01-01-2013, 04:10 PM | #361 |
Junior Member
Posts: 6
Karma: 10
Join Date: Jun 2005
|
Similar Stories won't do what I'm looking for at all. It's completely different.
It looks at a single item, creates an index, and looks for matching items, ranking every single item via a new column. That's completely unneeded, and counter productive. Duplicate Finder creates a hash table, the right way of doing this. The difference is creating a hash of the entire file, and creating a hash of only the items that matter and ignoring those that don't (the metadata.opf file, for example, guaranteed to be different in small ways if altered at all) If you aren't interested, fine. Kovid suggested your plugin, and I gave you (and him) the courtesy of asking here, despite that you clearly aren't interested. My original post (linked above) points to tools outside of Calibre that are useful for this sort of comparison, and frankly, I see the value of doing it from within Calibre (especially for importing large quantity of fresh books into an already large library, perhaps from completely public domain sources...) even if you still don't. I hope someone else out there finds the pointer useful, and I hope someone creates a plugin that will do this sort of Dupe checking (content based hashes, not file based hashes) one of these days.
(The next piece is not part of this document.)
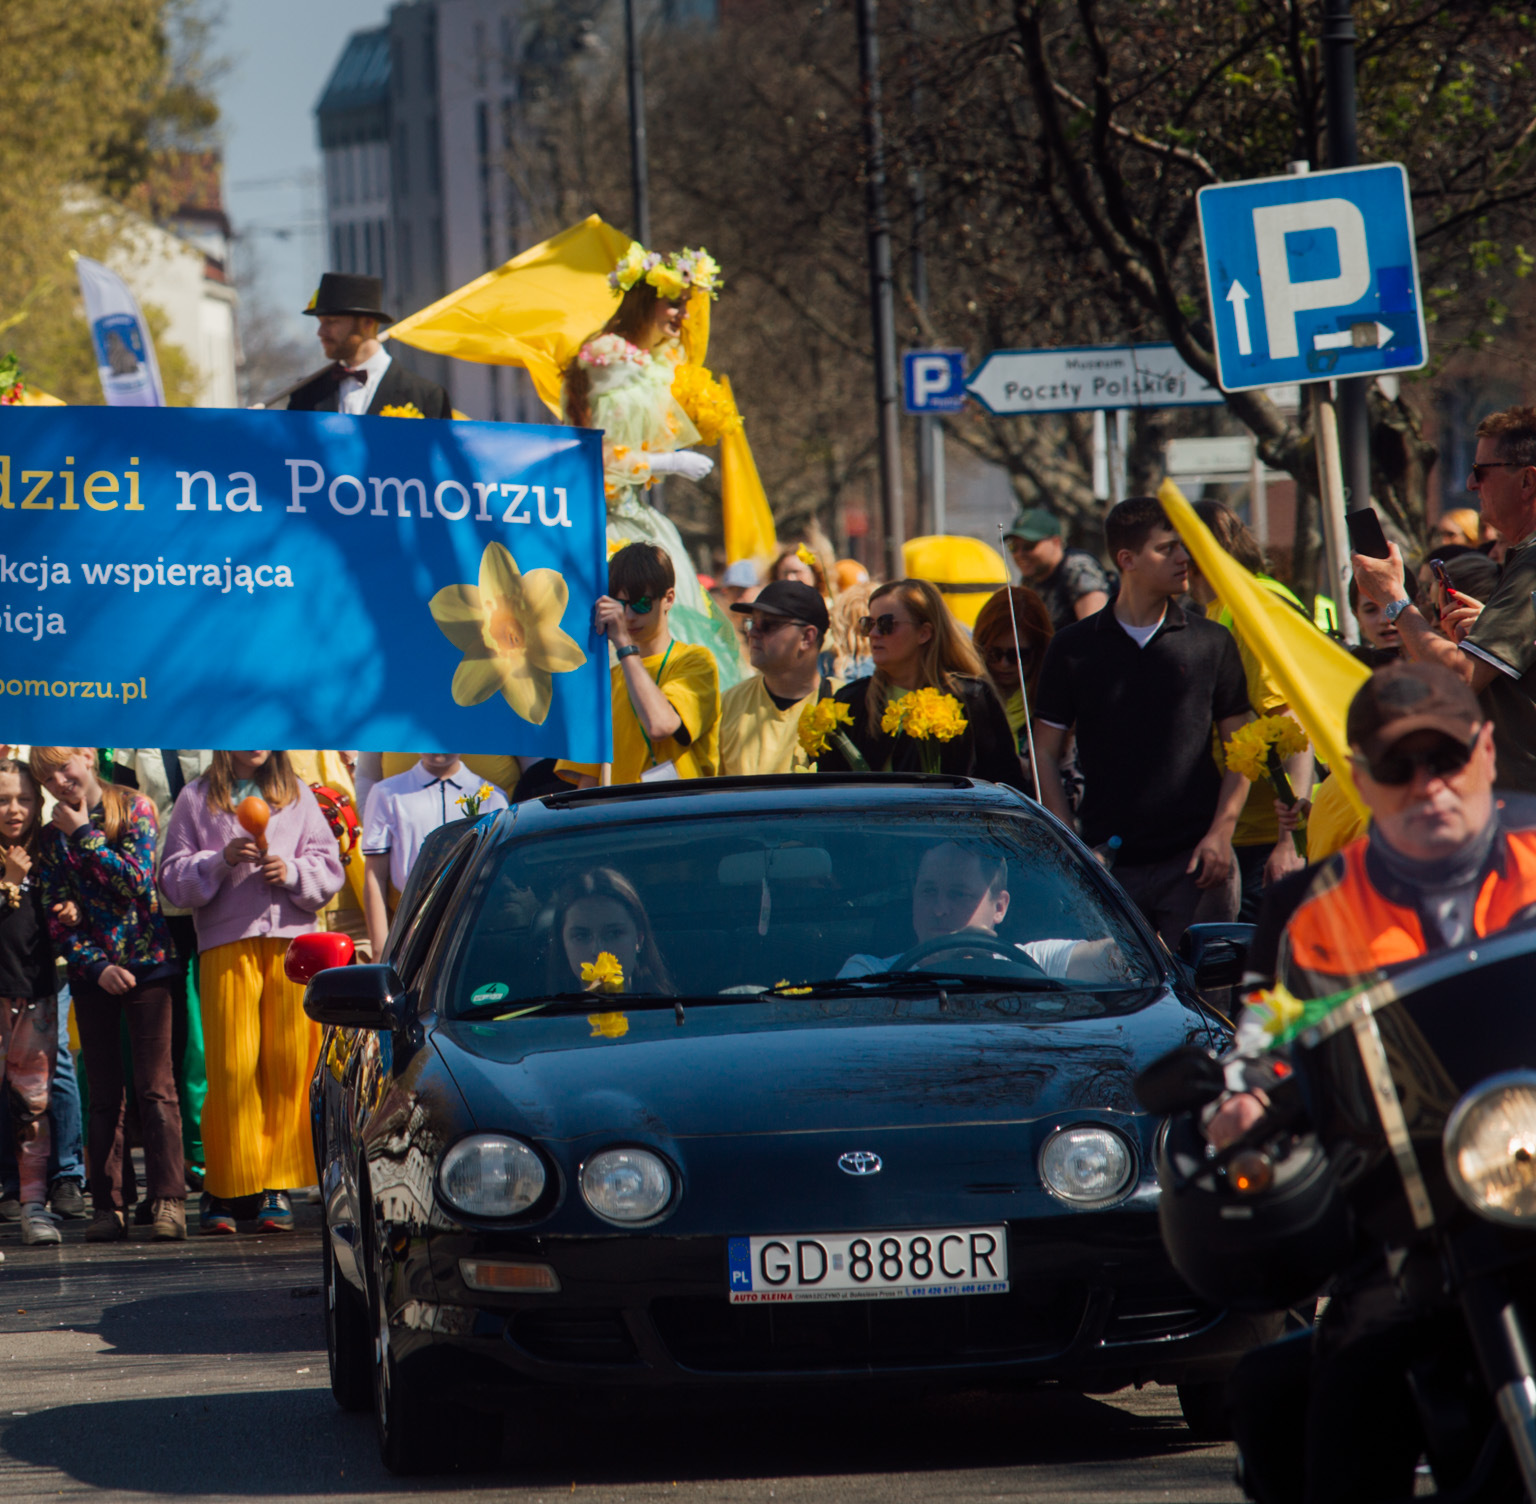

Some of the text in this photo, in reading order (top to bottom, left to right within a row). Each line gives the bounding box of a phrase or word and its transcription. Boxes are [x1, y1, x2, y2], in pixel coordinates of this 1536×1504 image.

Last edited by sethcohn; 01-01-2013 at 04:11 PM. Reason: grammar correction |
01-01-2013, 07:45 PM | #362 |
Calibre Plugins Developer
Posts: 4,637
Karma: 2162064
Join Date: Oct 2010
Location: Australia
Device: Kindle Oasis
|
I only mentioned Similar Stories because I knew it was content based, I've never used it nor did I write it so sorry to hear it does not suit what you need.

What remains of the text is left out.